QLOOKアクセス解析

誓約の地/漂流編・118<懺悔(4)>



誓約の地/漂流編・118<懺悔(4)>



優奈の想い 杏子の想い


悩み 迷い 苦悩するその心

そこには何が映るのか



================================================





 優奈の覚醒に全員が安堵した。

 とりあえず峠は越えた。

 優奈はまだ絶対安静と釘を刺されていたため、それぞれ顔を見せに少しだけ部屋を訪れる。

 口々に安堵の言葉を告げて生還を喜んだ。



 目覚めてから更に2日ほど経って、杏子が果物を持って部屋に訪れた。

 ベッドサイドに椅子を置いて腰をおろし、膝の上にカゴをのせる。
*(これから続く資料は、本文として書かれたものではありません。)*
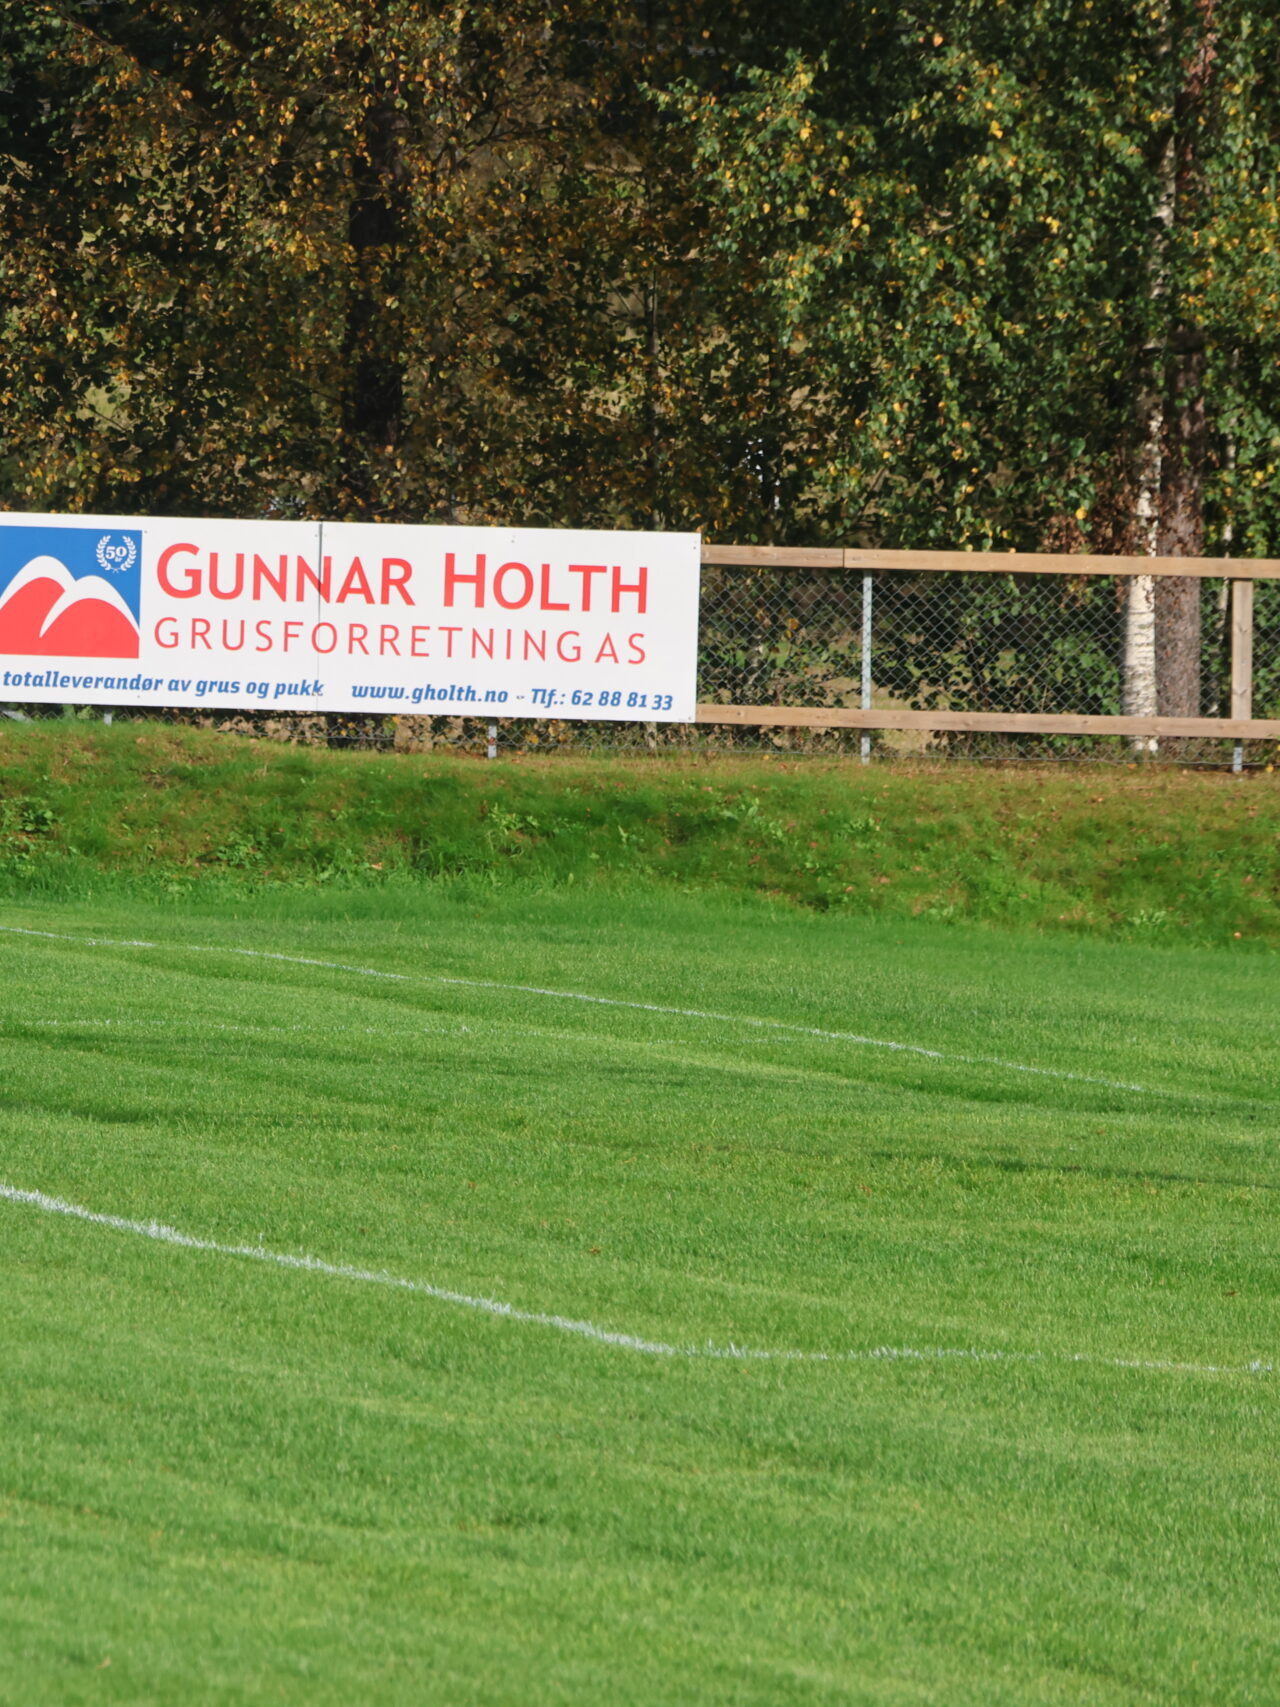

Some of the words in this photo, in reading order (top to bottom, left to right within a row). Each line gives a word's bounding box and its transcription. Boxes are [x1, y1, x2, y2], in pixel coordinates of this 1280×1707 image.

[105, 546, 127, 559] 50
[3, 670, 163, 692] totalleverandør
[168, 679, 191, 692] av
[195, 679, 240, 697] grus
[246, 682, 270, 699] og
[273, 679, 324, 700] pukk
[351, 684, 508, 704] www.gholth.no
[571, 690, 593, 706] 62
[598, 691, 621, 707] 88
[627, 692, 648, 708] 81
[652, 695, 673, 710] 33
それは毎日行われる日課。

 カゴの中の果物は、本来皮ごと食べられる果物だ。

 しかし長い間眠るように意識のなかった優奈は、その間当然のように食事をしていない。

 杏子は弱っている内臓と消化のことを考えて、あえて皮を剥いていく。

 小さなナイフで器用に皮を剥きながら、更に細かくカットした。

「……杏子」

「なぁに?」

「ごめん」

「……何が?」

「もっと早く、杏子に言えば良かった」

 呟くような言葉に、杏子は一瞬手を止めて優奈を見た。

「何を?」

「コウジくんのこと。気付いてたの、彼の気持ち。もうずっと前から」

「優奈……」

「それなのに無視しちゃったの。自分がオッパに夢中で、その時間が楽しくて。それを邪魔されたくないって思っちゃったの」

 哀しそうな優奈に、杏子は小さくため息をついて微笑んだ。

「そんなの当り前じゃない。優奈は悪くないわ」

「でも、彼を追いこんじゃったよね」

「…………」

 窓の外を眺めながら、優奈は風を感じていた。

「襲われた時、ずっと考えてた。きっと杏子だったらもっとうまく対処してたって。杏子の忠告をちゃんと聞いて、杏子に相談していたら変わってたかもって。杏子が来るのを、待てばよかった」

「優奈……」

「彼、暗い目をしてたの。オッパを憎んでた。憎悪って感情をはじめて目の当たりにした気がしたから。凄く……怖かった。襲われていることもだけど、自分のせいでこんなに人を憎んでるってことが。彼、ずっと優しかったのに」

「あいつは裏切ったのよ」

「裏切らせちゃったのかも」

「そんな事ないわ!」

「彼も苦しんでたのかもしれないでしょう?」

「だから何?」

「いい人だったでしょ? 杏子もわかってるよね?」

 その言葉に、杏子は頷くことができなかった。

 コウジくんっていい人だよねと、何度も嬉しそうに笑う優奈を憶えている。

 そうねと返した自分も憶えている。

 それでも今は頷けない。


 ここ数日、優奈が杏子に何度も口を開こうとして逡巡していることもわかっていた。

 優奈は昔から、感情のままに言葉を綴ることが得意ではない。

 一旦呼吸を整えるように考え、それから少しづつ話し始める。それは彼女の癖ともいう語り方だ。

 だから杏子は辛抱強く待っていた。

「だからって許せることじゃないでしょう? 自分より非力な相手を、力づくでなんて」

「わかってる」

「わかってないわ。あいつは……コウジはそれを利用した。優奈のそういうところを」

「杏子……」

 こういう時、端的に要点だけを言い放つ杏子は、優奈の心の声を消してしまいがちになる。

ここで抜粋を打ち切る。